Fast forward to the fall of 2021, after these symptoms persisted, my doctor decided to switch my birth control to the Depo-Provera shot. After taking this shot, havoc was wreaked on my body and brought me down to a level of non-functioning that I never knew existed. Over the next couple months and after taking only one depo shot, I began to experience debilitating symptoms of headaches, fatigue, achy joints/all over body pain that eventually progressed into episodes of heart-racing anytime I would change position. I also experienced shortness of breath, chest pain, difficulty swallowing, a complete loss of appetite, GI issues, brain fog, severely decreased ability to concentrate, severe restless leg syndrome, insomnia, and neurological symptoms so extreme it felt like my brain was “short circuiting” for lack of a better word.

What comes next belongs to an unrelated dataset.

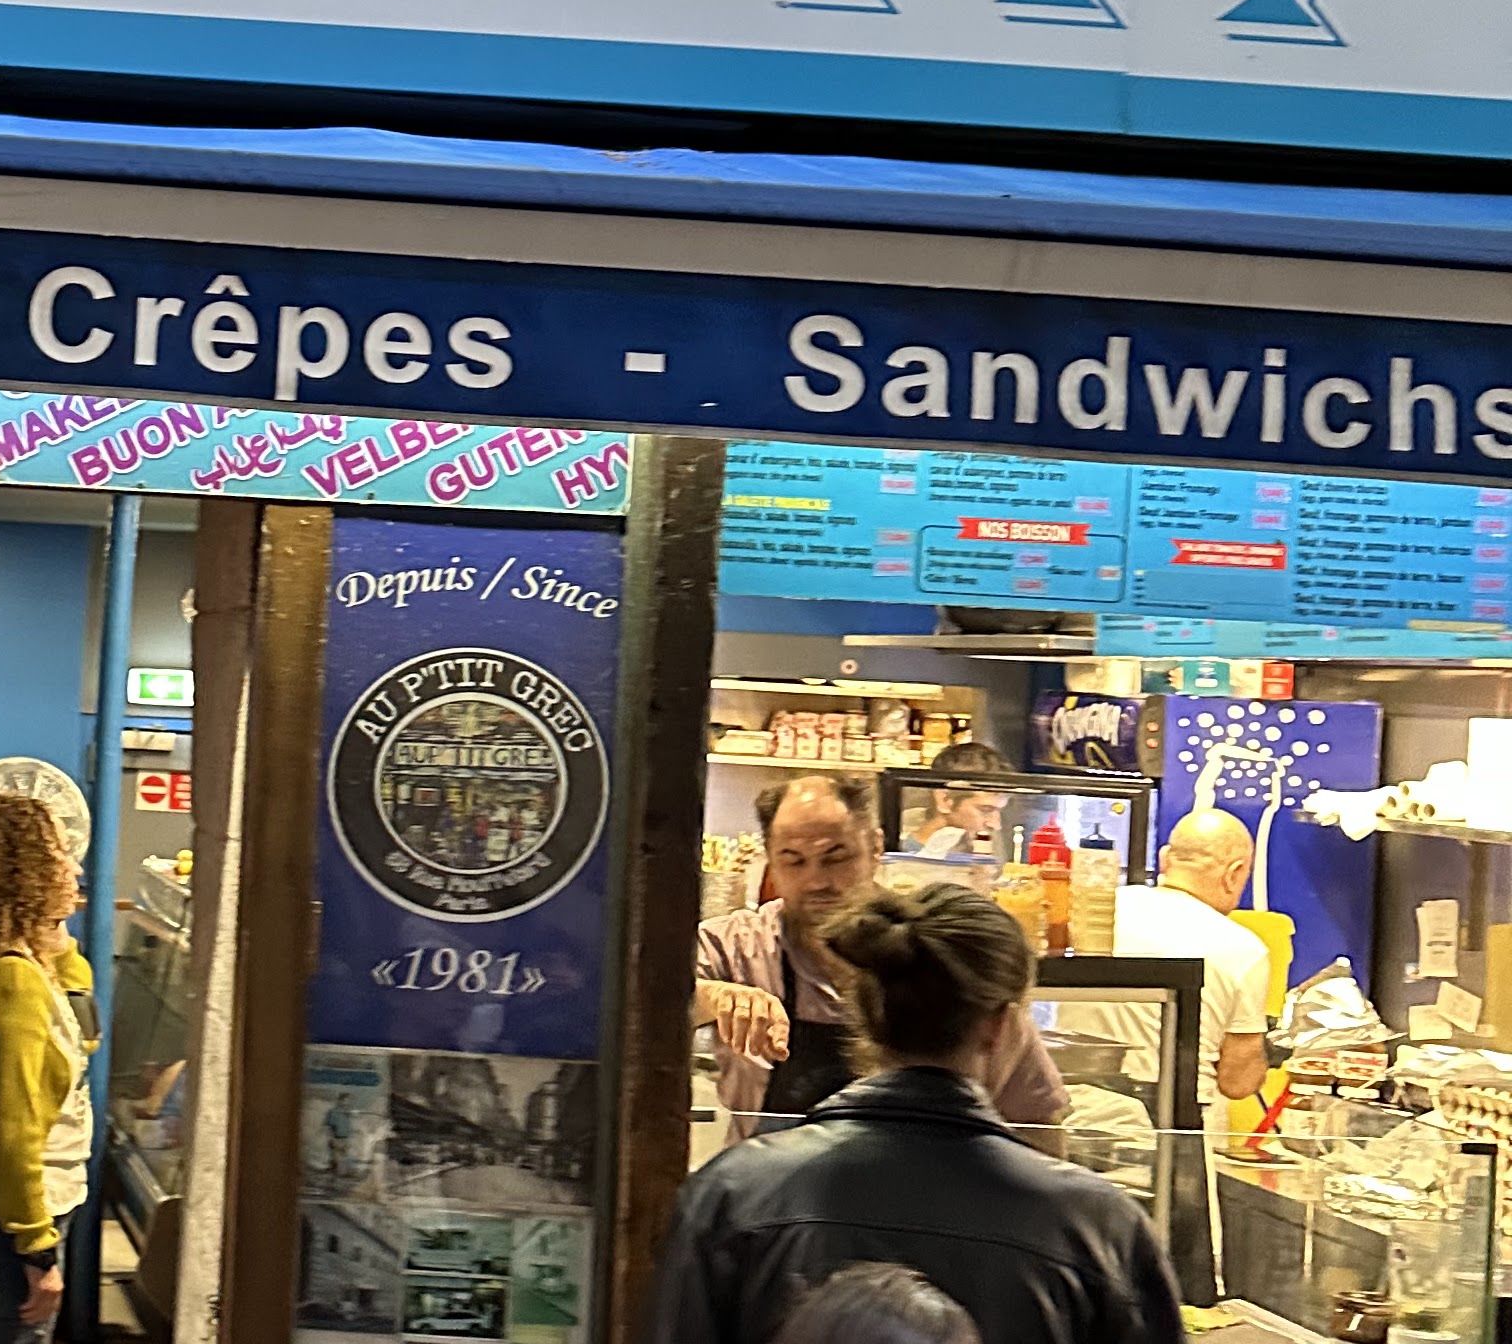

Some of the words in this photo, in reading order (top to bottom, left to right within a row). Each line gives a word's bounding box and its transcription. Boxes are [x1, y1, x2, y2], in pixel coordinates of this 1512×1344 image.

One side of my body would become extremely numb, tingly, and feel weak without any clear deficits. I experienced severe muscle weakness, where it would feel like my body was doing everything it possibly could to keep me upright and breathing. It was so bad, I felt as though I couldn’t even grip my phone and just talking on the phone to family felt like I was dying. I could barely concentrate. I developed severe visual issues, a condition called visual snow syndrome, and still am dealing with it with no improvement. I also developed tinnitus and have a constant high pitched ringing in my ear. I am unable to handle any type of stress, multi-tasking, or any emotional upset without truly feeling like my body is dying from severe neurological symptoms. I became scared to leave the house alone because of these debilitating symptoms. I lost over 30 pounds from feeling so awful and a complete loss of any desire to eat. I would have to force myself to put in fluids or food.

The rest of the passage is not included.